Une source au sein de la société civile que nous avons contactée, estime que beaucoup de Nigériens s'attendaient à ce "que l'armée fasse irruption sur la scène politique en raison des frustrations liées aux multiples attaques terroristes, la corruption, le manque d'emploi et le hold-up électoral."

Une idée que ne partage pas Bachirou Amadou Adamou, docteur en droit public. "Un coup d'État ne peut pas être justifié dans un contexte de démocratie."

Bachirou Amadou Adamou estime, cependant, que la tentative manquée de coup d'État, est symptomatique d'un dysfonctionnement dans le processus démocratique."Cette tentative de coup d'État est l'illustration de la faiblesse du système démocratique nigérien et de la nécessité de renforcer les institutions démocratiques, dont notamment l'armée.

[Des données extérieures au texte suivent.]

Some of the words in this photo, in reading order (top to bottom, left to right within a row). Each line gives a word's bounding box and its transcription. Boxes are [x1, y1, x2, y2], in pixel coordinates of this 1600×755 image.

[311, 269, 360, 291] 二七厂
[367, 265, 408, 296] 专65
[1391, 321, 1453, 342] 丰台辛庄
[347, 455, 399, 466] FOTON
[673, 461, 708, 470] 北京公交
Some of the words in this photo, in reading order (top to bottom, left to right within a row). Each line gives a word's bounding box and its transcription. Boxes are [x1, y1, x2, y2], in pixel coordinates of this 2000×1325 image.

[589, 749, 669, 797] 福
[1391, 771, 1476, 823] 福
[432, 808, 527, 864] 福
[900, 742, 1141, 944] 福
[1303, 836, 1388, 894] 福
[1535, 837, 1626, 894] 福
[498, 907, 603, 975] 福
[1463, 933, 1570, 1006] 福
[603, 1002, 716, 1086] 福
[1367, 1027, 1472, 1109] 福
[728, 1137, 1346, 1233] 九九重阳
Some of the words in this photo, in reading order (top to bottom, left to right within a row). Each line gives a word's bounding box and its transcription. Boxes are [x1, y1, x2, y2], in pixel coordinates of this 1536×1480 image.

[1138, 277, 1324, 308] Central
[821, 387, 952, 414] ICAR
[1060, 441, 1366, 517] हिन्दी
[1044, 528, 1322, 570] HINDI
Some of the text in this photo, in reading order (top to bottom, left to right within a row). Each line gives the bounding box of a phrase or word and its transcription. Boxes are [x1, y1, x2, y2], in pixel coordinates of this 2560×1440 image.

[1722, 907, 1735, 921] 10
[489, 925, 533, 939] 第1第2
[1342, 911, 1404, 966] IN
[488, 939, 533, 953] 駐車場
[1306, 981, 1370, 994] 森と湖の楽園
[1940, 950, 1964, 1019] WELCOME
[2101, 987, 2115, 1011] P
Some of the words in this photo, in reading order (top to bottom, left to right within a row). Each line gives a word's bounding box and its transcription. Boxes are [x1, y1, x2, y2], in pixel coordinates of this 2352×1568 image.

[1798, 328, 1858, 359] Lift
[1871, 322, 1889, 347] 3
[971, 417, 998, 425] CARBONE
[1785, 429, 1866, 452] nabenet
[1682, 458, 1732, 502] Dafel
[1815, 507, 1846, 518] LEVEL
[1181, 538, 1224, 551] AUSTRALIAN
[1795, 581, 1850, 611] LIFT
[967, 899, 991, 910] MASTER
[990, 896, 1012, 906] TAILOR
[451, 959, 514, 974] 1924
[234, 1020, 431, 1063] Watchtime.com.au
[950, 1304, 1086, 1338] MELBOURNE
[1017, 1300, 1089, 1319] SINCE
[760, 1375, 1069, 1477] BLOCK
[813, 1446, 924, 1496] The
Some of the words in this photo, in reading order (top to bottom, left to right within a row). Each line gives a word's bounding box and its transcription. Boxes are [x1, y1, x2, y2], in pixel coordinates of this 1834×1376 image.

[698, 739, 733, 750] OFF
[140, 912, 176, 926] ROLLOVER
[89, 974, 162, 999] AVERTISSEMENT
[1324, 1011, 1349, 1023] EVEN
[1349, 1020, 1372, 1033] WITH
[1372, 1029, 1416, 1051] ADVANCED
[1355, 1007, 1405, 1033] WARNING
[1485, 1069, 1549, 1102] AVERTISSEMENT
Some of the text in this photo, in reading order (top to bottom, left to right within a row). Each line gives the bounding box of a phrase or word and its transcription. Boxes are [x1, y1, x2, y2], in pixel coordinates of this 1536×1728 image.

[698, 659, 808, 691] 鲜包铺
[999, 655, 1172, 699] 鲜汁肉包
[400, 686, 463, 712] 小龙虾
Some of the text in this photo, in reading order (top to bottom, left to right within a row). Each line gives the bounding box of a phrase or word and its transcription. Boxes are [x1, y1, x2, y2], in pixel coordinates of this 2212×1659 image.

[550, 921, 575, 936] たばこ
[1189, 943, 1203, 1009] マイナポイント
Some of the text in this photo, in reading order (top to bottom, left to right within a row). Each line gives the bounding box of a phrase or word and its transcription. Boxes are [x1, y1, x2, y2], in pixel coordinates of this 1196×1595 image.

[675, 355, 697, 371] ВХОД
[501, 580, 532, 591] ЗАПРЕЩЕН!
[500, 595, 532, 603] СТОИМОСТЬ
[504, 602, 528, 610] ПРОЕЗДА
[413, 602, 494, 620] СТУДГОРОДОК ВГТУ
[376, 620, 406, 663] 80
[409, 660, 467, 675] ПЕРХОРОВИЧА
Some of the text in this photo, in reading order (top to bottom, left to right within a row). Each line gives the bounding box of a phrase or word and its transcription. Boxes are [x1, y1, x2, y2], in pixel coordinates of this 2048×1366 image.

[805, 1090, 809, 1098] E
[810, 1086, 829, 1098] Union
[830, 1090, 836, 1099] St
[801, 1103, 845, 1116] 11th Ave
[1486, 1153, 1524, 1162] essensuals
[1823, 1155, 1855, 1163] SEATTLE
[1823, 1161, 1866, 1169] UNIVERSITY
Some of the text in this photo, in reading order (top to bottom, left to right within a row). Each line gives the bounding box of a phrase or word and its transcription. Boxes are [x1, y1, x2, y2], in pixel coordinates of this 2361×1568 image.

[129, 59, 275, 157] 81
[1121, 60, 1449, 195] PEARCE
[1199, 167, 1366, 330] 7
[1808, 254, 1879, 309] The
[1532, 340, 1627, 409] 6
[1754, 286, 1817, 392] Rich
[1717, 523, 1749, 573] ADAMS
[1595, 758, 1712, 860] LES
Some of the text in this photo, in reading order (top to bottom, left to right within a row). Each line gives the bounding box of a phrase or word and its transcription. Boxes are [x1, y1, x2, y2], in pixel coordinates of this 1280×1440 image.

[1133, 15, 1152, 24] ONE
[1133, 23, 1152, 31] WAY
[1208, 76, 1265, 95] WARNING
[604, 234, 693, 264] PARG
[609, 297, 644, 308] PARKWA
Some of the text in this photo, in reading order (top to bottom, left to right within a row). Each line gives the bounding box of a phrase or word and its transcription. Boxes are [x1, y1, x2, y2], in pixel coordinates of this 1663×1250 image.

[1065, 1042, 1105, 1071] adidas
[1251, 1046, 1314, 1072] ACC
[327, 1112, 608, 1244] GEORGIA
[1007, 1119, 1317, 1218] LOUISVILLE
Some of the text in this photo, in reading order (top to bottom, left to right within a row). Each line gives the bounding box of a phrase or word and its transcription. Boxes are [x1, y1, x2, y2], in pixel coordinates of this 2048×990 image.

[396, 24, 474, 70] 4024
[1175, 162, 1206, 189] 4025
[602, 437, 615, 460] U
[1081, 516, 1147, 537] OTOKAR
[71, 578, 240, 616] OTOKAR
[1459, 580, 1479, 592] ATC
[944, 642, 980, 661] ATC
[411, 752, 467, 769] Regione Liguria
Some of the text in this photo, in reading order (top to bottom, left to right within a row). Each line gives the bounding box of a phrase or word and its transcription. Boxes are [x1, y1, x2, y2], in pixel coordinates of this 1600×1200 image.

Parce qu'il faudra que l'on réussisse à réformer notre armée pour qu'elle demeure républicaine de manière à ce qu'on puisse éviter l'irruption épisodique à chaque fois, de l'armée, sur la scène politique", explique le docteur en droit public.

"Un malaise politique..."

Mais pour lui, "cela illustre également un malaise évident, un malaise institutionnel, un malaise politique et un malaise démocratique qu'il faut d'abord commencer par admettre. Le gouvernement n'admet pas aujourd'hui, l'existence d'un malaise. Et pourtant, ce malaise est évident. Cette crise politique, elle est réelle et il faut d'abord l'admettre. Et une fois qu'elle est admise, on pourra tendre vers un dialogue qui est véritablement nécessaire, maintenant plus que jamais."

"Un message..."

Bachirou Amadou Adamou estime par ailleurs que la tentative de coup de force manquée est "un message surtout destiné non seulement au nouveau régime mais destiné aussi à la communauté internationale qui feint d'ignorer la situation de crise postélectorale au Niger."

A Niamey et dans les régions du pays, ils sont nombreux les Nigériens qui pensent, en revanche, que l'annonce du coup d'État manqué est une façon pour le nouveau pouvoir d'étouffer les manifestations à l'appel de l'opposition. Ce qui ouvrirait la voie à des arrestations de masse comme ce fut le cas en 2016.